> **Task prompt**:
All of the entries should be restated word for word, but without their pictures.
---+---
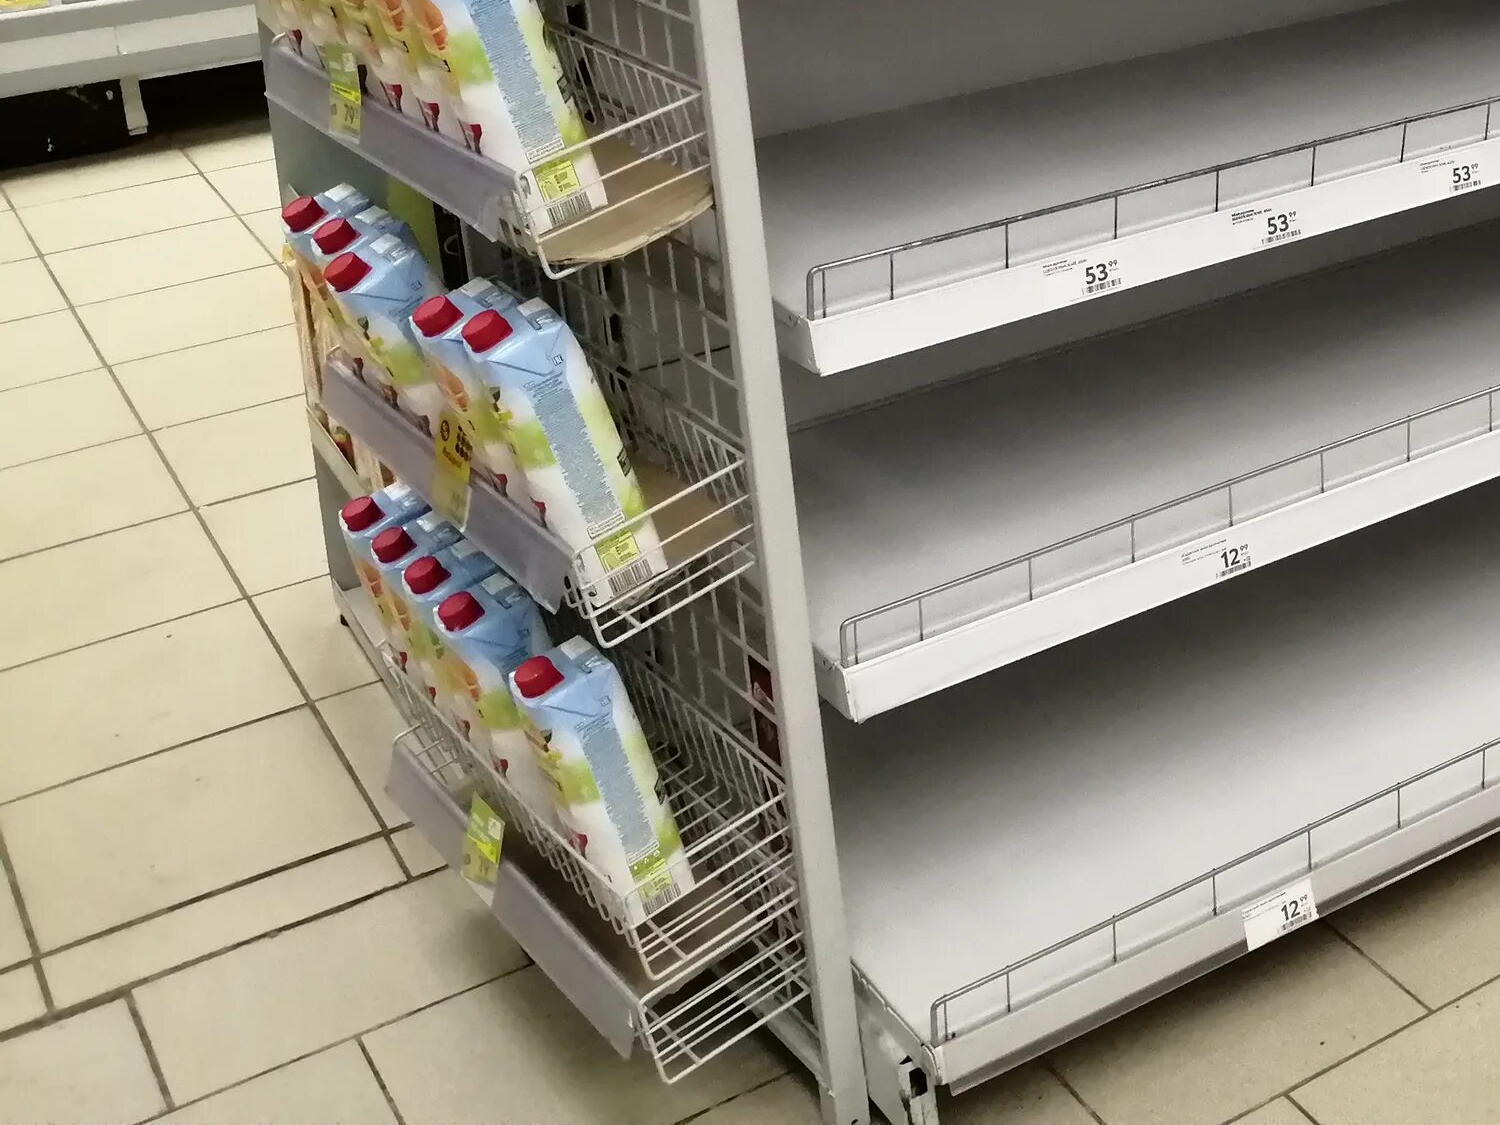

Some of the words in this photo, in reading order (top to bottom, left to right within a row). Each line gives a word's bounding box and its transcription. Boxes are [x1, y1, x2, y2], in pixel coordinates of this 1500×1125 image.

[1452, 165, 1471, 184] 53
[1267, 213, 1290, 235] 53
[1288, 210, 1297, 218] 99
[1085, 263, 1109, 285] 53
[1107, 259, 1118, 267] 99
[1221, 547, 1241, 568] 12
[1281, 900, 1300, 921] 12
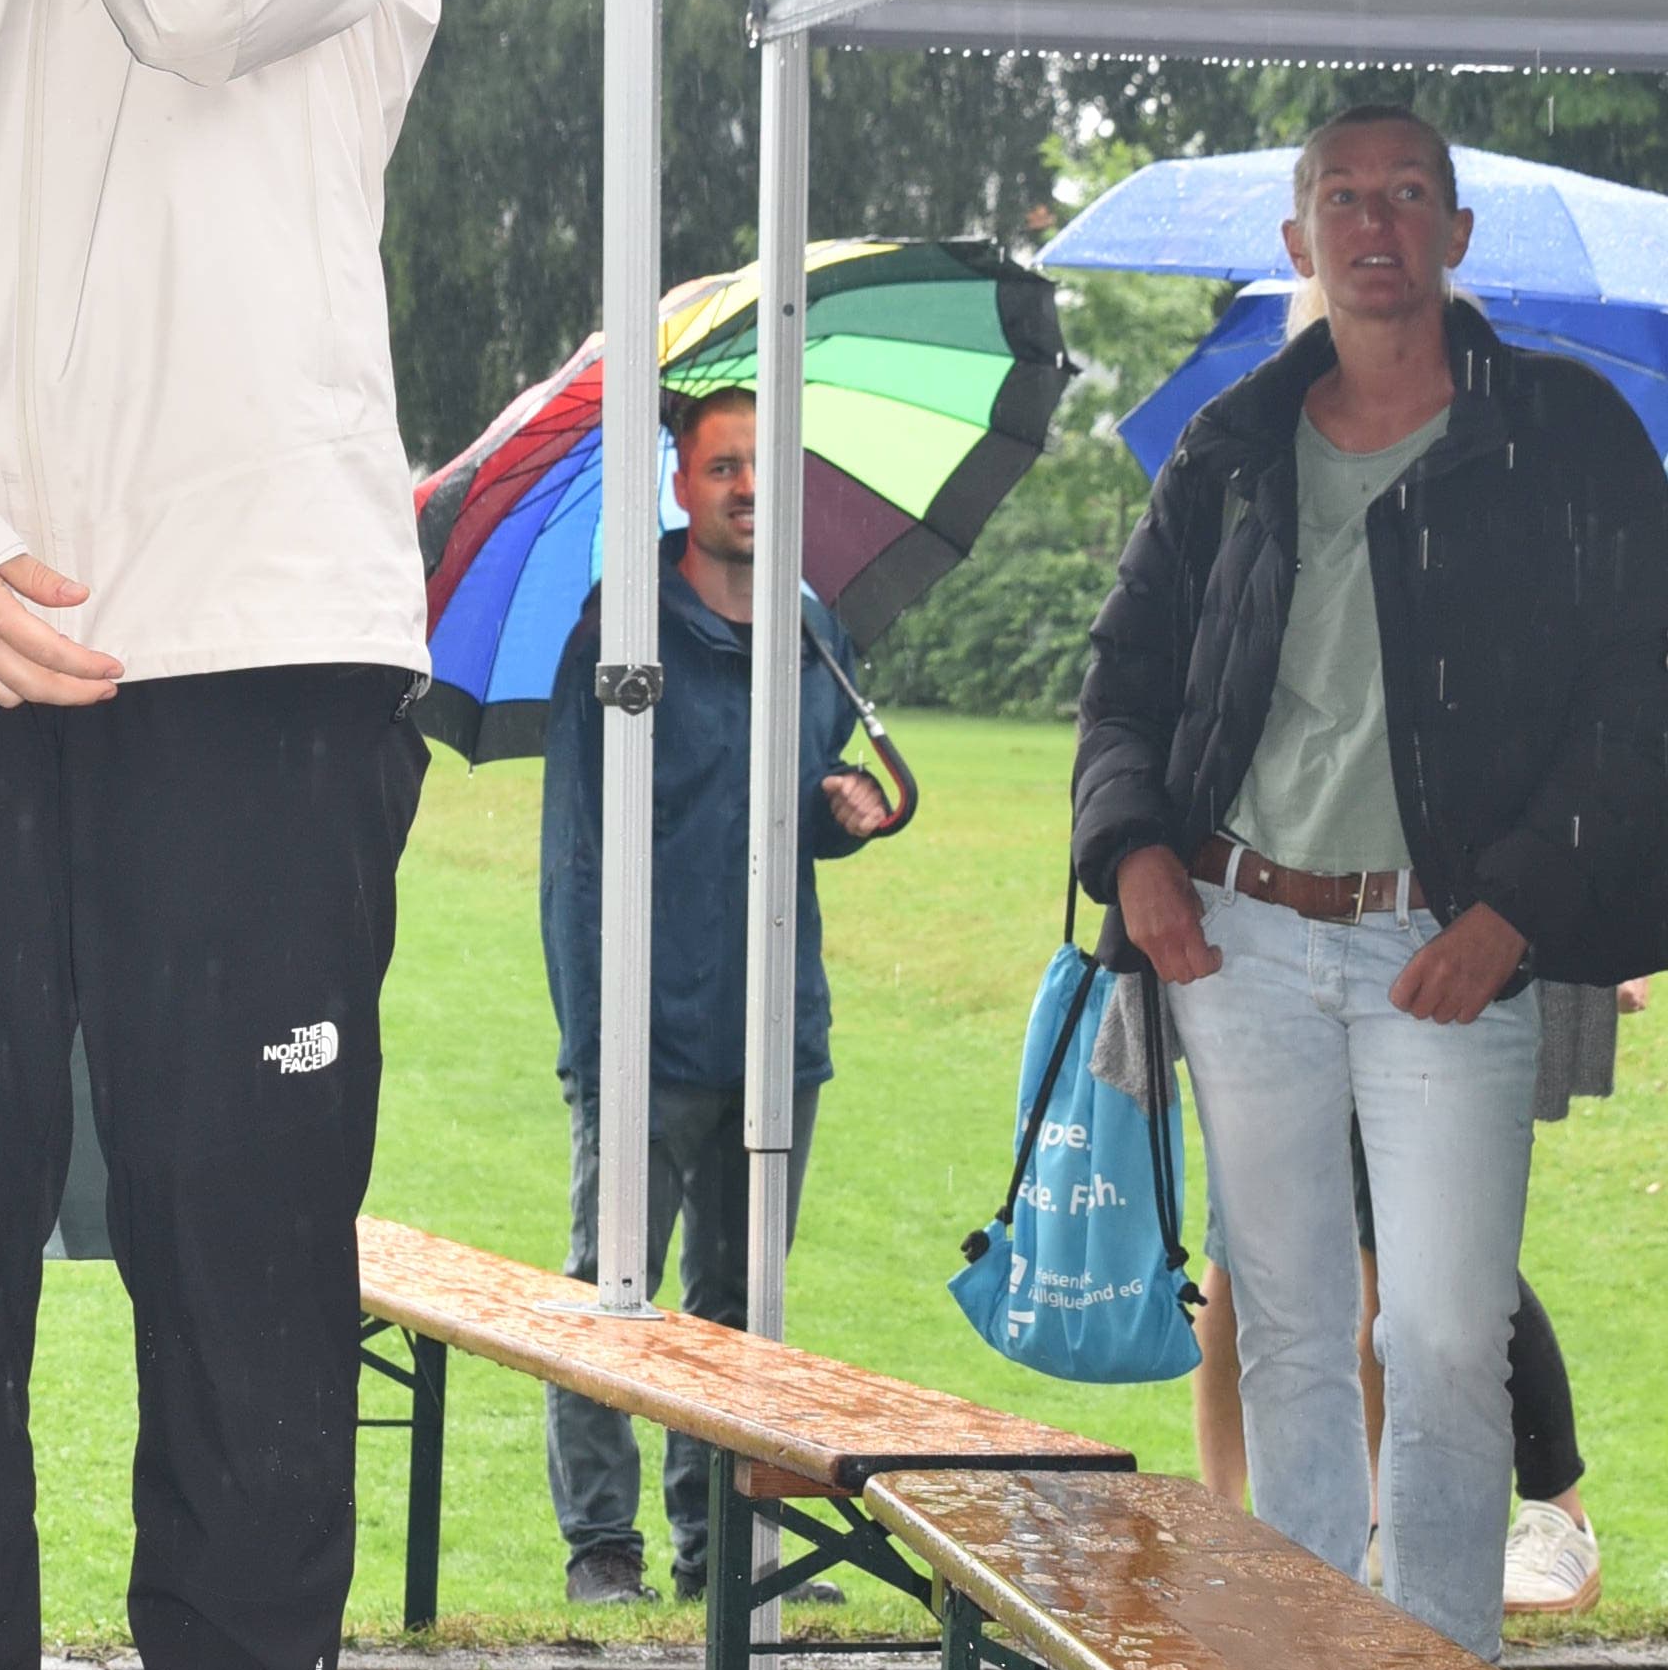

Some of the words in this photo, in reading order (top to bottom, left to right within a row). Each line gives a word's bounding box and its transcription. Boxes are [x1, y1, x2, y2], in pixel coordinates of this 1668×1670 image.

[291, 1023, 322, 1043] THE
[263, 1038, 321, 1061] NORTH
[280, 1054, 322, 1074] FACE
[1119, 1278, 1144, 1298] eG
---+---
> **Written answer**:
Some of the words in this photo, in reading order (top to bottom, left to right within a row). Each line gives a word's bounding box and its transcription. Boxes are [x1, y1, x2, y2], in pixel coordinates of this 1500×1125 image.

[1452, 165, 1471, 184] 53
[1267, 213, 1290, 235] 53
[1288, 210, 1297, 218] 99
[1085, 263, 1109, 285] 53
[1107, 259, 1118, 267] 99
[1221, 547, 1241, 568] 12
[1281, 900, 1300, 921] 12

Some of the words in this photo, in reading order (top to bottom, left to right within a row). Each line gives a word's bounding box and its transcription. Boxes are [x1, y1, x2, y2], in pixel coordinates of this 1668×1670 image.

[291, 1023, 322, 1043] THE
[263, 1038, 321, 1061] NORTH
[280, 1054, 322, 1074] FACE
[1119, 1278, 1144, 1298] eG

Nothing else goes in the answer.